HOW TO COMPLETE THIS TASK: Pictures are to be left out; everything else in the records must be repeated exactly.

[Opening DATA SHOWN section]

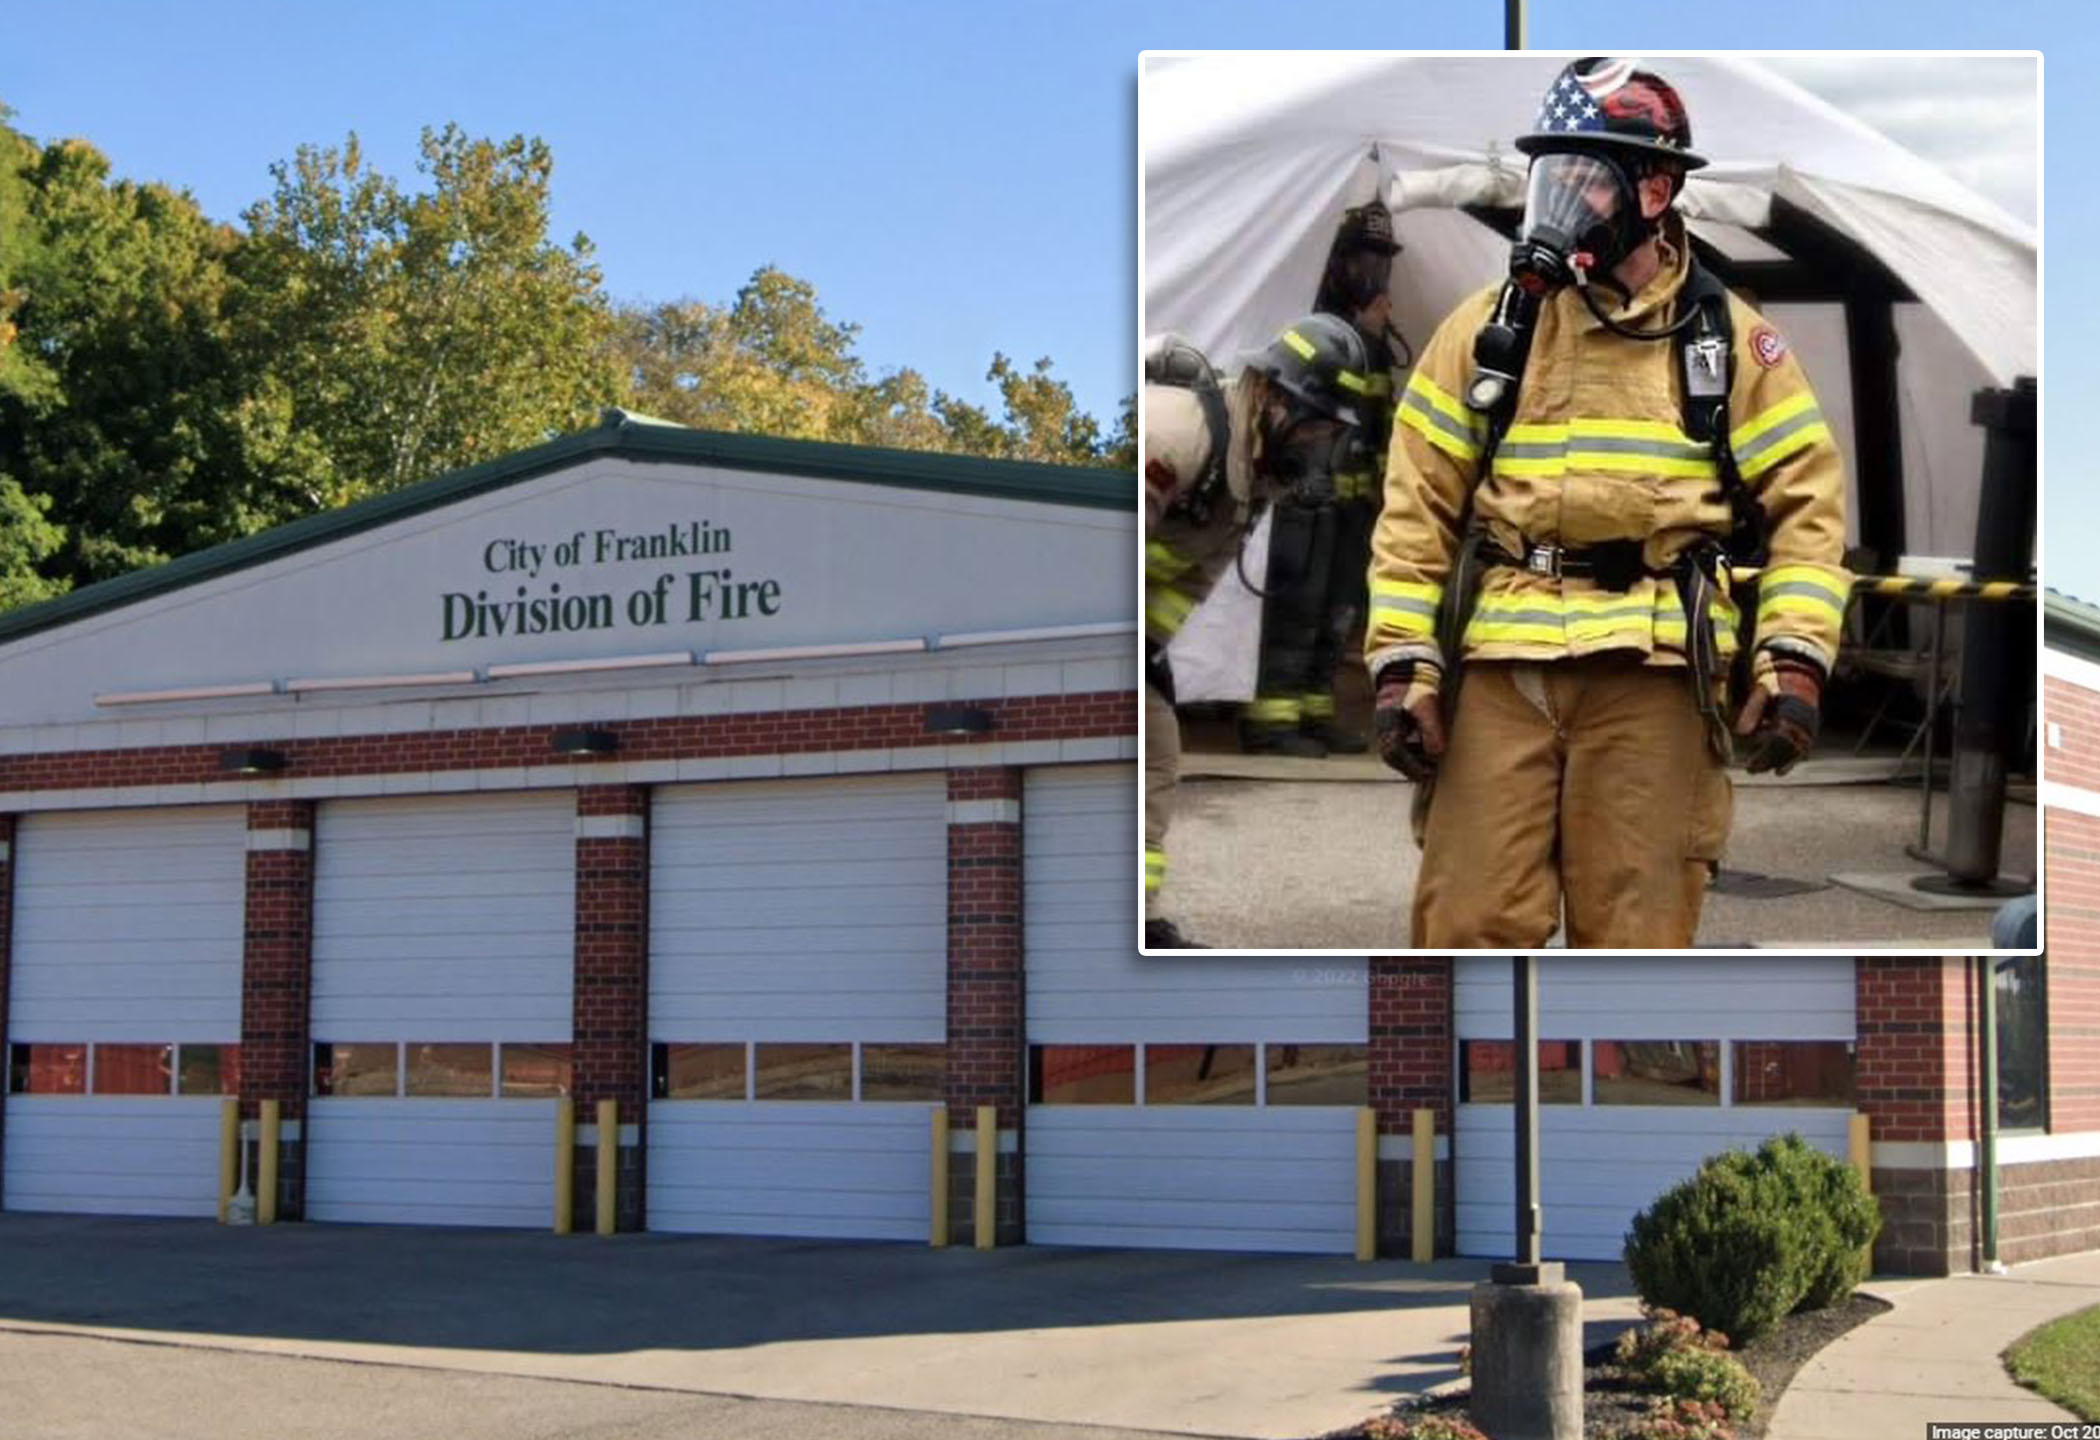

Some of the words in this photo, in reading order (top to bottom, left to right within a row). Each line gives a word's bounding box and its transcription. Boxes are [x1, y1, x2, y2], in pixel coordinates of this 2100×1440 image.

[483, 539, 547, 578] City
[554, 532, 585, 567] of
[594, 520, 732, 564] Franklin
[439, 583, 614, 641] Division
[627, 574, 675, 627] of
[685, 569, 781, 623] Fire
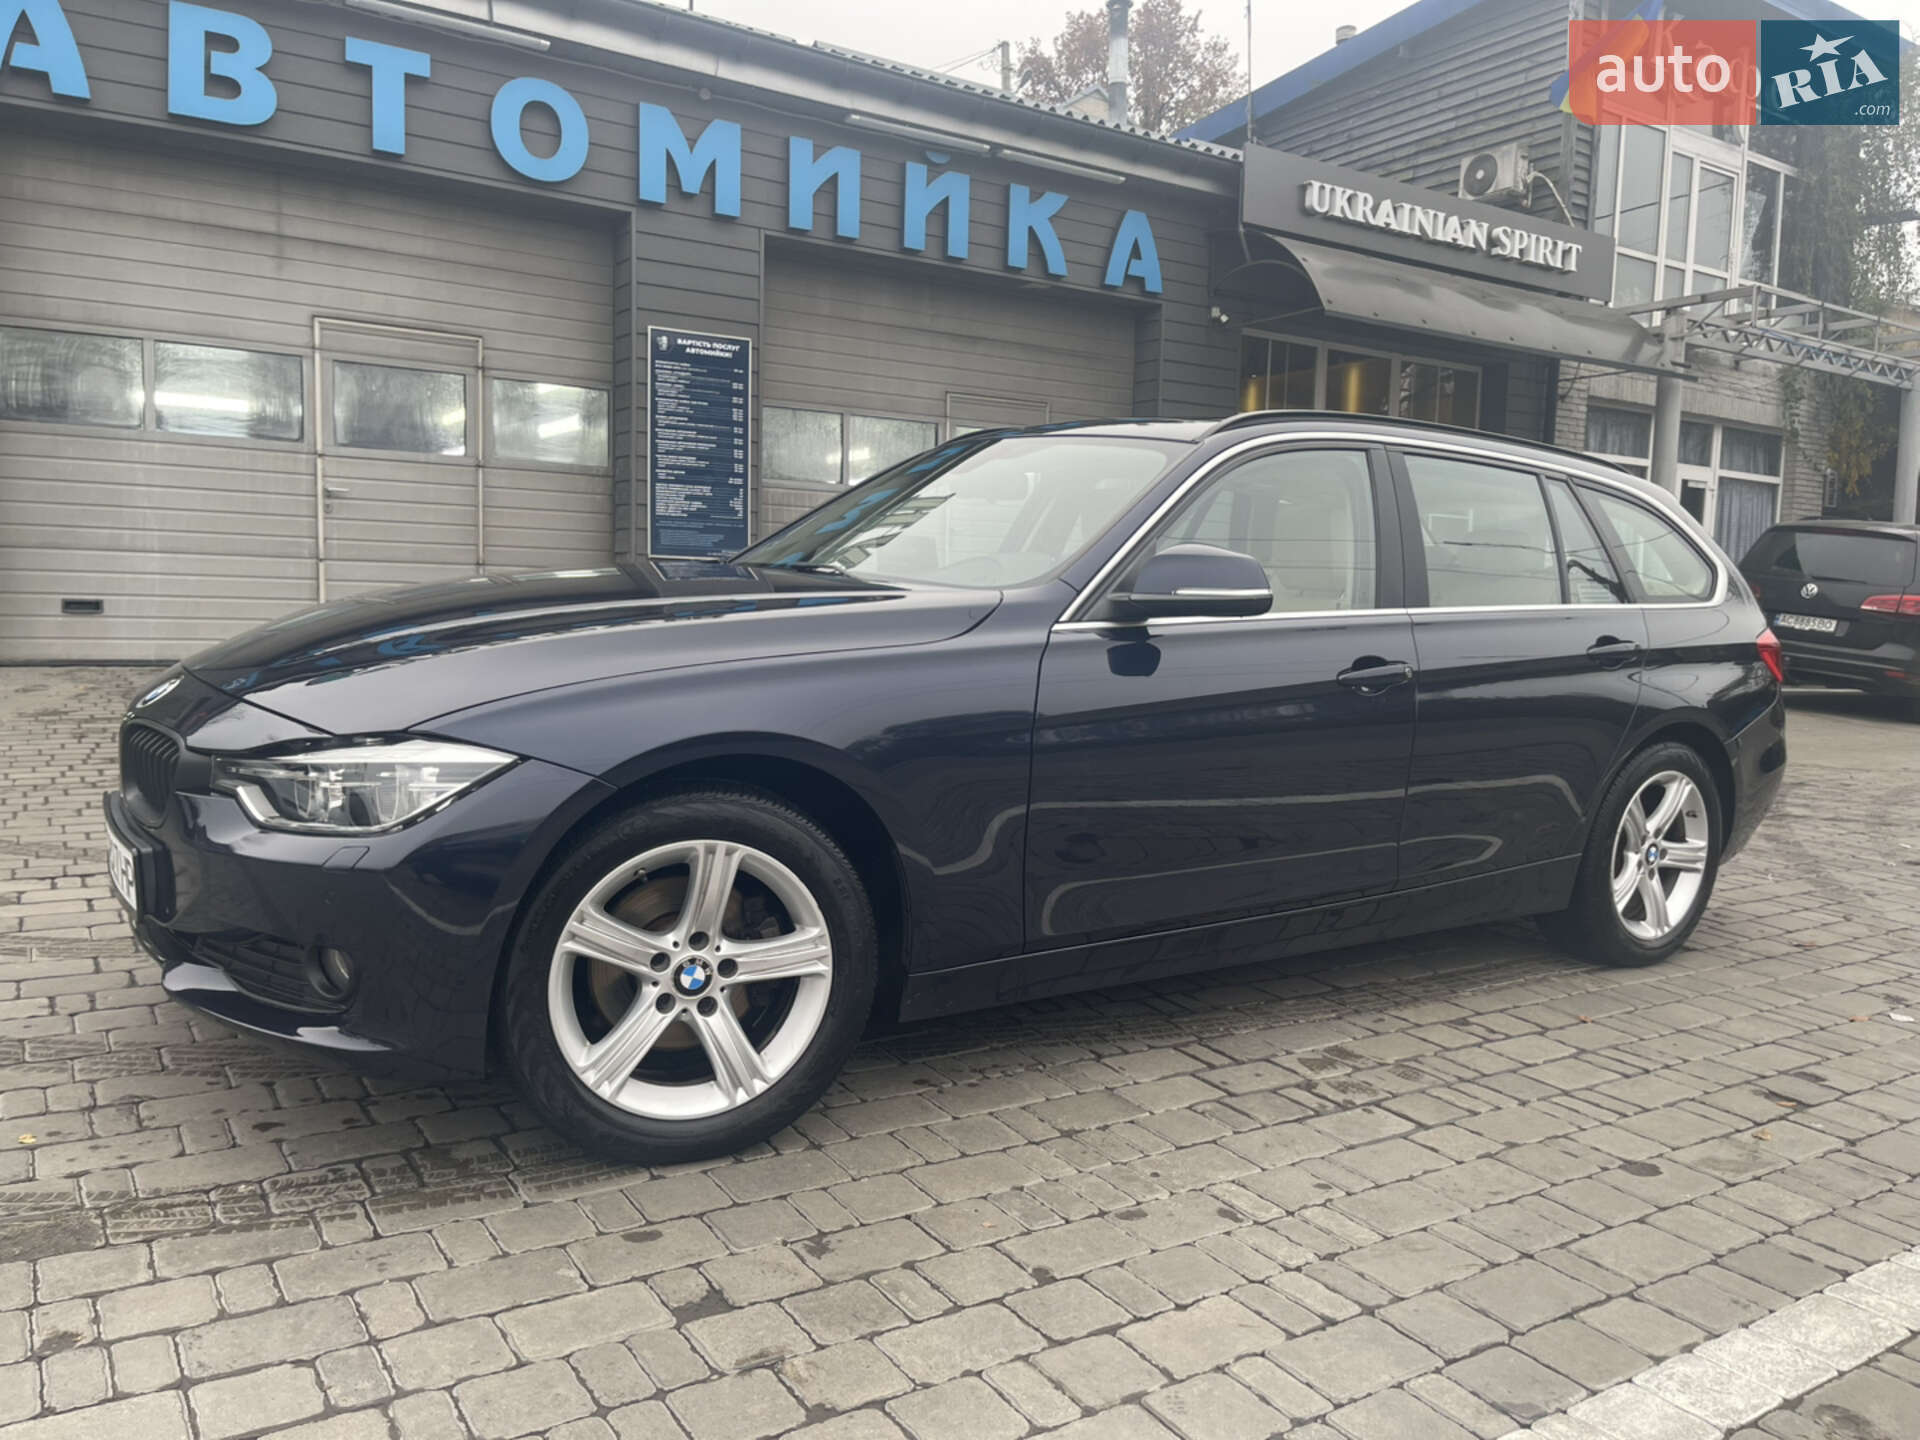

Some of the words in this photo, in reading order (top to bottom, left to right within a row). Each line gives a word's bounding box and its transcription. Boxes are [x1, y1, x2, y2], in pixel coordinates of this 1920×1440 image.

[0, 0, 1163, 294] АВТОМИЙКА
[1304, 180, 1489, 251] UKRAINIAN
[1491, 226, 1582, 272] SPIRIT
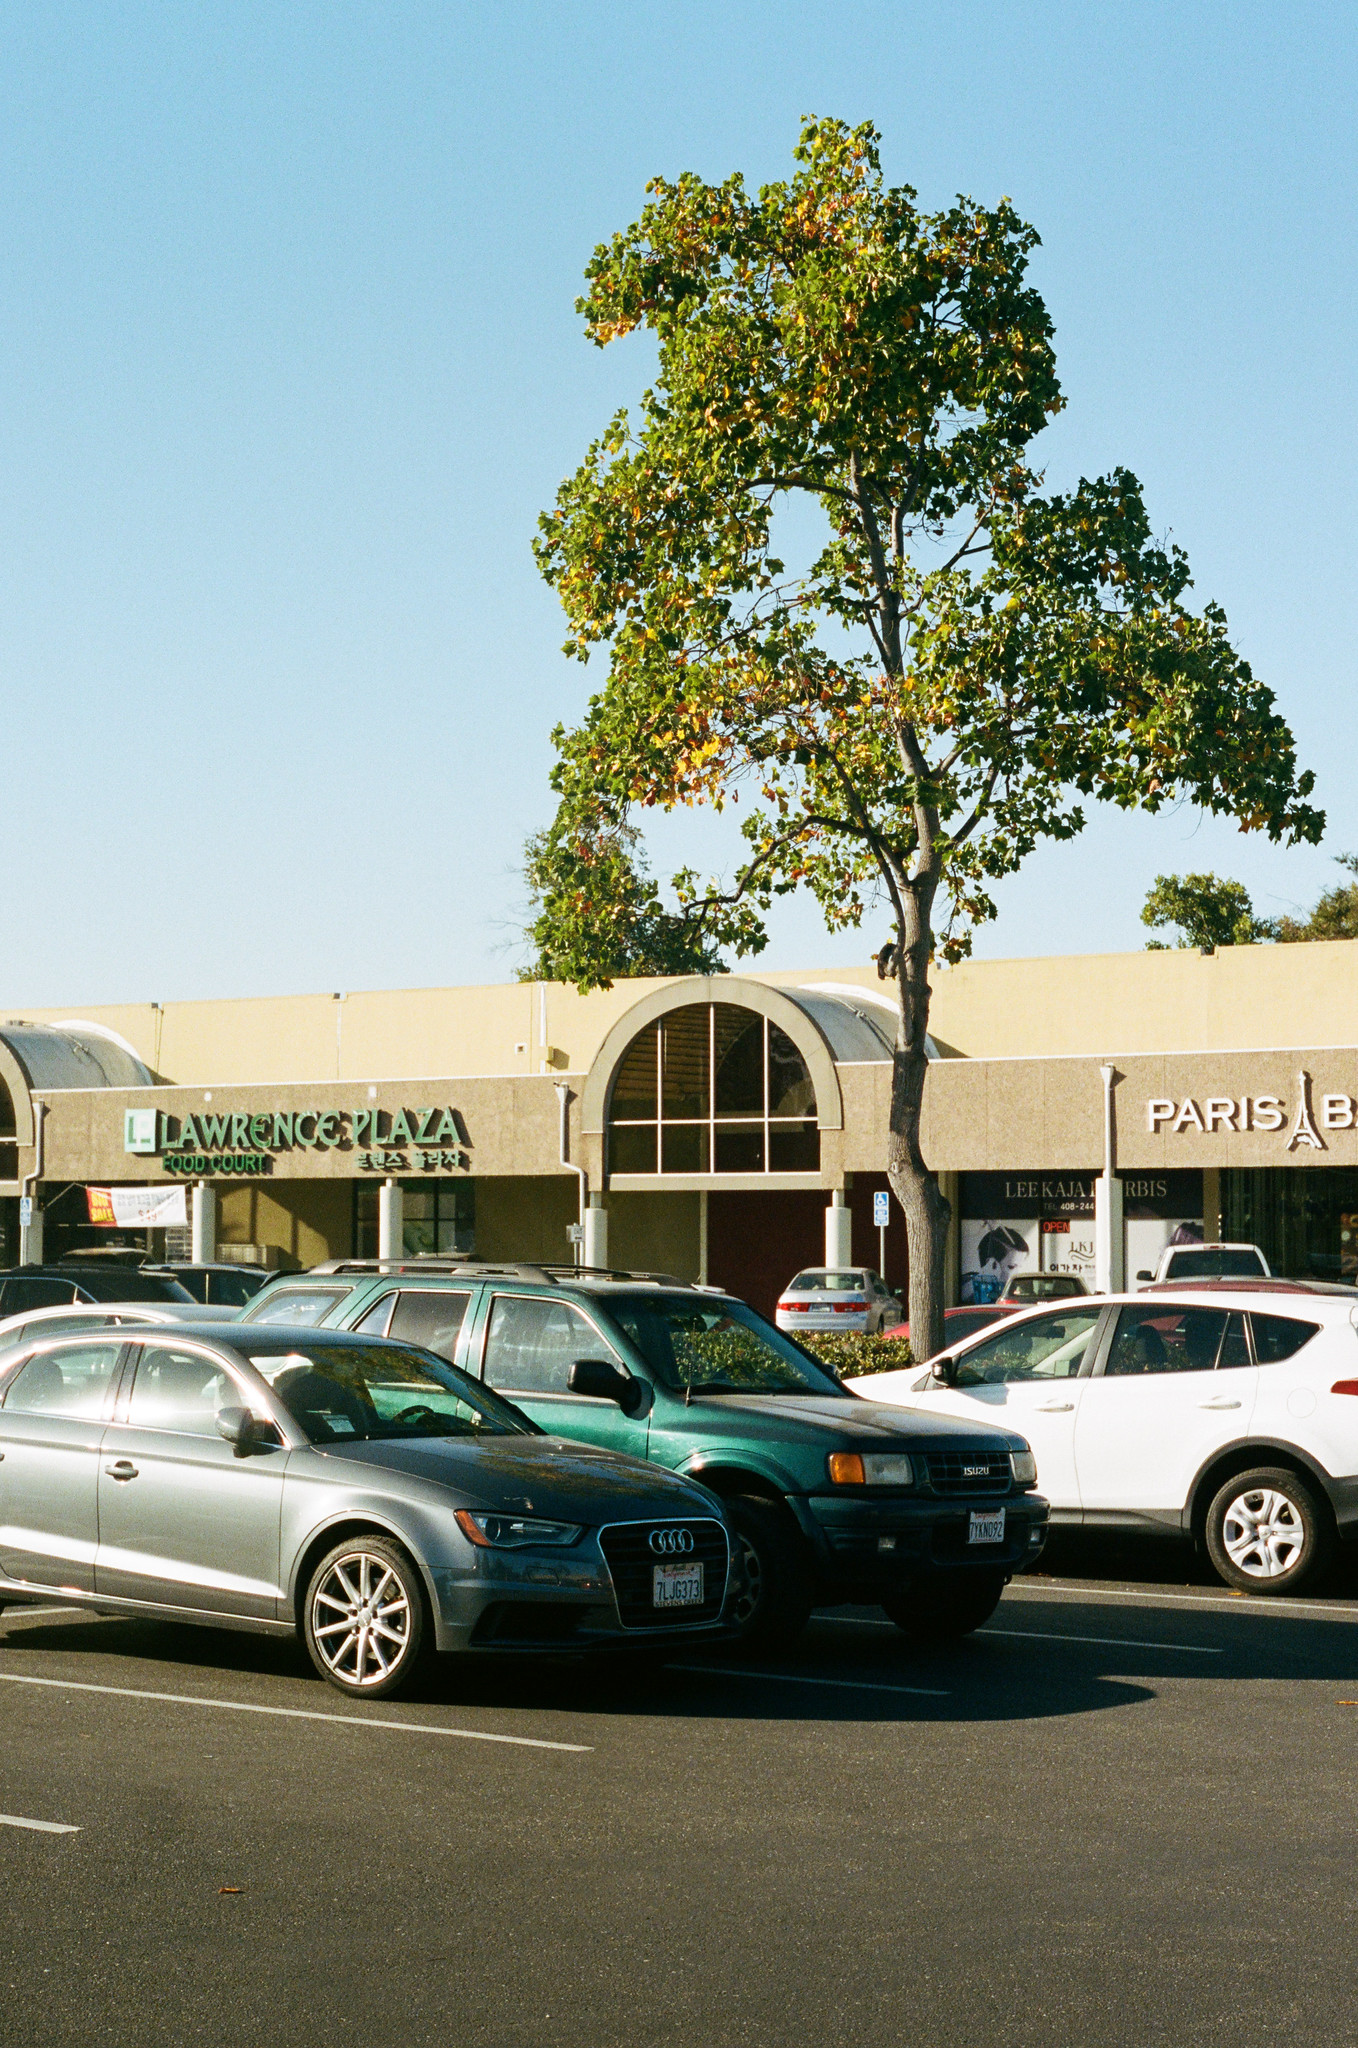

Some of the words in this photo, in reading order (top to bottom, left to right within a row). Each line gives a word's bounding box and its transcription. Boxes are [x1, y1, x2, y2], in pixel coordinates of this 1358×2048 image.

[1148, 1095, 1283, 1132] PARIS
[1322, 1094, 1358, 1129] B
[160, 1108, 342, 1149] LAWRENCE
[351, 1106, 462, 1145] PLAZA
[163, 1154, 206, 1172] FOOD
[211, 1153, 266, 1171] COURT
[91, 1208, 115, 1222] SALE
[1043, 1221, 1071, 1233] OPEN
[1071, 1241, 1093, 1253] LKJ
[963, 1466, 990, 1476] ISUZU
[969, 1520, 1004, 1539] 7YKN092
[656, 1579, 700, 1601] 7LJG373

[Closing DATA SHOWN section]

EXERCISE RESULT:
Some of the words in this photo, in reading order (top to bottom, left to right within a row). Each line gives a word's bounding box and its transcription. Boxes are [x1, y1, x2, y2], in pixel coordinates of this 2100×1440 image.

[483, 539, 547, 578] City
[554, 532, 585, 567] of
[594, 520, 732, 564] Franklin
[439, 583, 614, 641] Division
[627, 574, 675, 627] of
[685, 569, 781, 623] Fire

Some of the words in this photo, in reading order (top to bottom, left to right within a row). Each line gives a word's bounding box and its transcription. Boxes are [x1, y1, x2, y2], in pixel coordinates of this 1920×1440 image.

[0, 0, 1163, 294] АВТОМИЙКА
[1304, 180, 1489, 251] UKRAINIAN
[1491, 226, 1582, 272] SPIRIT

Some of the words in this photo, in reading order (top to bottom, left to right within a row). Each line gives a word's bounding box and its transcription. Boxes are [x1, y1, x2, y2], in pixel coordinates of this 1358×2048 image.

[1148, 1095, 1283, 1132] PARIS
[1322, 1094, 1358, 1129] B
[160, 1108, 342, 1149] LAWRENCE
[351, 1106, 462, 1145] PLAZA
[163, 1154, 206, 1172] FOOD
[211, 1153, 266, 1171] COURT
[91, 1208, 115, 1222] SALE
[1043, 1221, 1071, 1233] OPEN
[1071, 1241, 1093, 1253] LKJ
[963, 1466, 990, 1476] ISUZU
[969, 1520, 1004, 1539] 7YKN092
[656, 1579, 700, 1601] 7LJG373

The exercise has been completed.